Friday, January 25, 2013

Rolling my own .NET 4.5 SDK

All I wanted to do was get my TFS 2012 Build Server going. (Getting the core components running was quite a struggle.) I expected some initial failed builds so wasn't surprised when I was informed of the following:

C:\Windows\Microsoft.NET\Framework64\v4.0.30319\Microsoft.Common.targets (983): The reference assemblies for framework ".NETFramework,Version=v4.5" were not found. To resolve this, install the SDK or Targeting Pack for this framework version or retarget your application to a version of the framework for which you have the SDK or Targeting Pack installed. Note that assemblies will be resolved from the Global Assembly Cache (GAC) and will be used in place of reference assemblies. Therefore your assembly may not be correctly targeted for the framework you intend.

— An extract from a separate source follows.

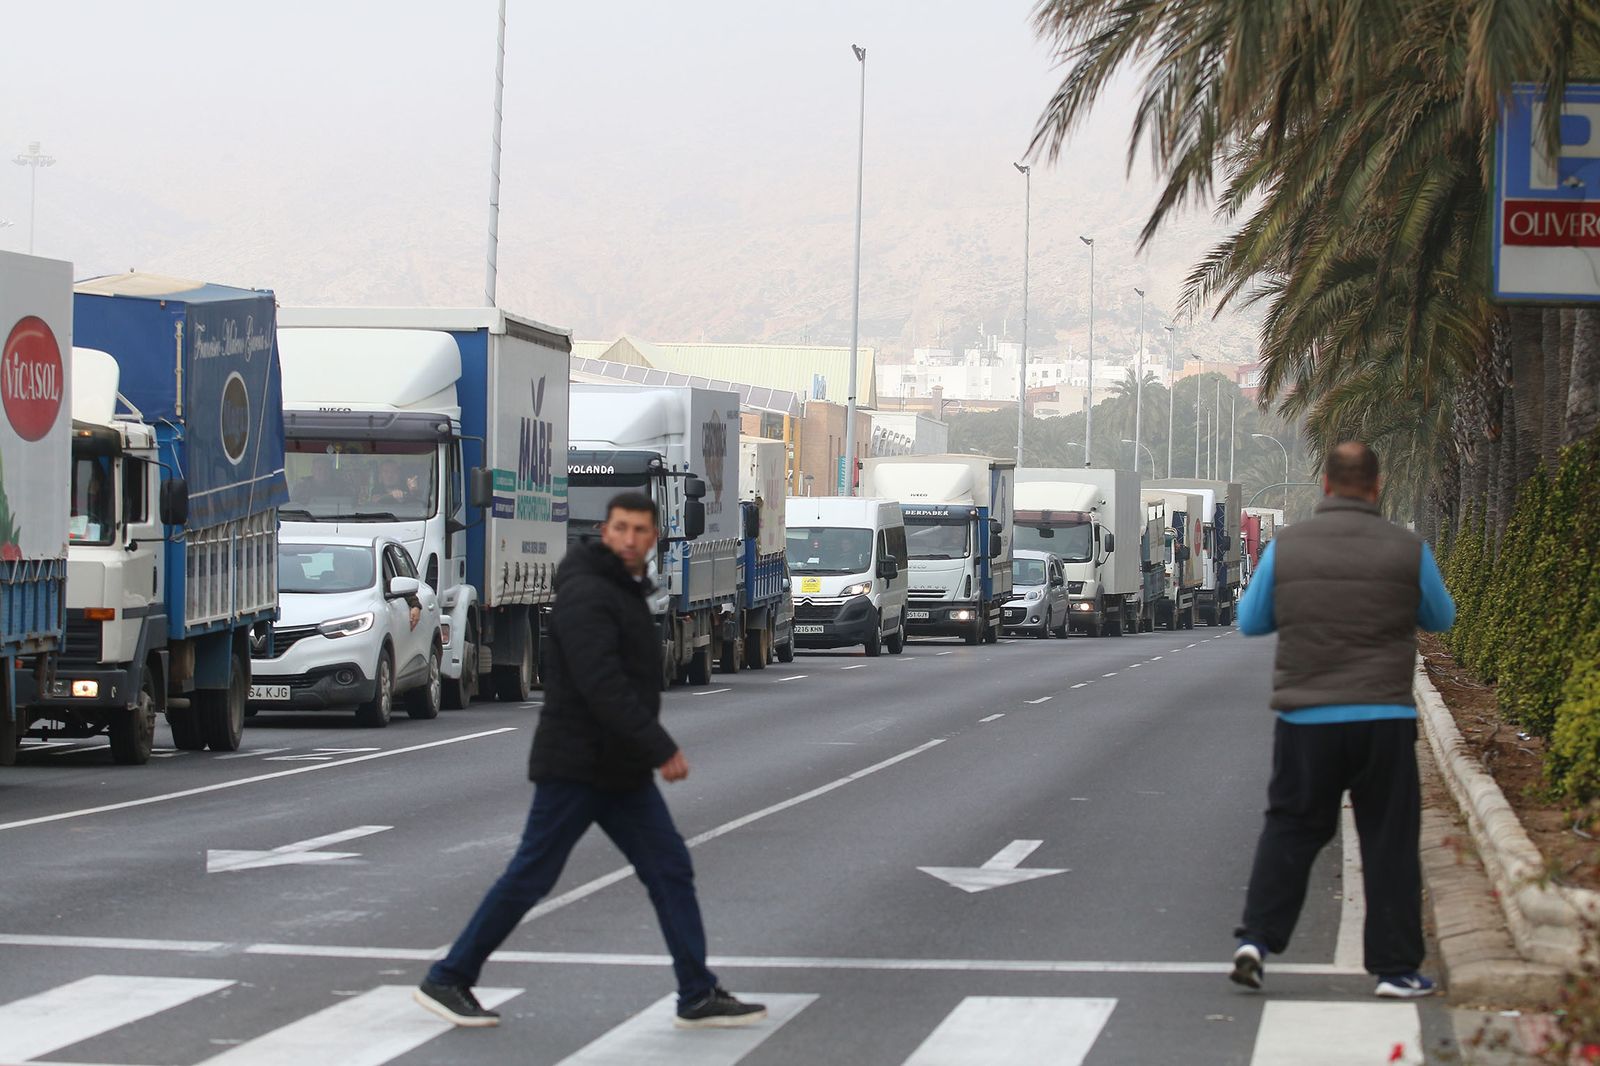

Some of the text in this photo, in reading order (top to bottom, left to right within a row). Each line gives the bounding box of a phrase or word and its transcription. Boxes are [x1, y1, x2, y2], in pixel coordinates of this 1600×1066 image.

Finding the .NET 4.5 SDK didn't sound too hard to do. It wasn't, and I learned that it was part of the Windows Software Development Kit (SDK) for Windows 8. I downloaded the indicated file, which was named sdksetup.exe. Its size hinted that unfortunately it wasn't a standalone installer but (ugh) a web installer. I gave the sdksetup.exe a go on the server but wasn't surprised that it failed due to lack of internet connectivity through our proxy server. My next idea was to either extract the files that I needed locally or install and then copy the files to the server, which has worked before.

I missed it the first time around, but the Windows 8 SDK had an option to download the required files for installation to a separate computer see ('.NET Framework 4.5 SDK Tools on Windows Vista and Windows Server 2008' after the jump). This is important because- and I missed this initially as well- "The installer for the Windows SDK for Windows 8 is not supported on Windows Vista and Windows 2008 Server." Well, that's pretty cool that I can create my own installer, I thought, and away I went.

Nothing too exciting initially.
I appreciated being able to deselect all of the stuff I wasn't going to need on a build server.
Ugh. More proxy issues, even locally. Shades of Mordac! I could easily download the .NET 4 redistributable though, so I was still undaunted.
Now things started to get silly. Where was I supposed to find sdk_tools4.msi? Searched Google, other folks were wondering the same thing.
Maybe I already possessed sdk_tools4.msi and didn't know it. Everything proved that theory valid. Hoorah! Now I could build my SDK installer, get the builds rolling, and move on.

It wasn't to be. After browsing to my local copy of sdk_tools4.msi and clicking Retry, the SDK builder process gracefully prematurely ended, mentioning something about 'bad payload' or the like. Sdksetup.exe revealed an important secret at this point: a log file! Mine was located at 'C:\Users\[Username]\AppData\Local\Temp\standalonesdk'. The file was thankfully extremely verbose, and I could see all of the failed web requests for various resources.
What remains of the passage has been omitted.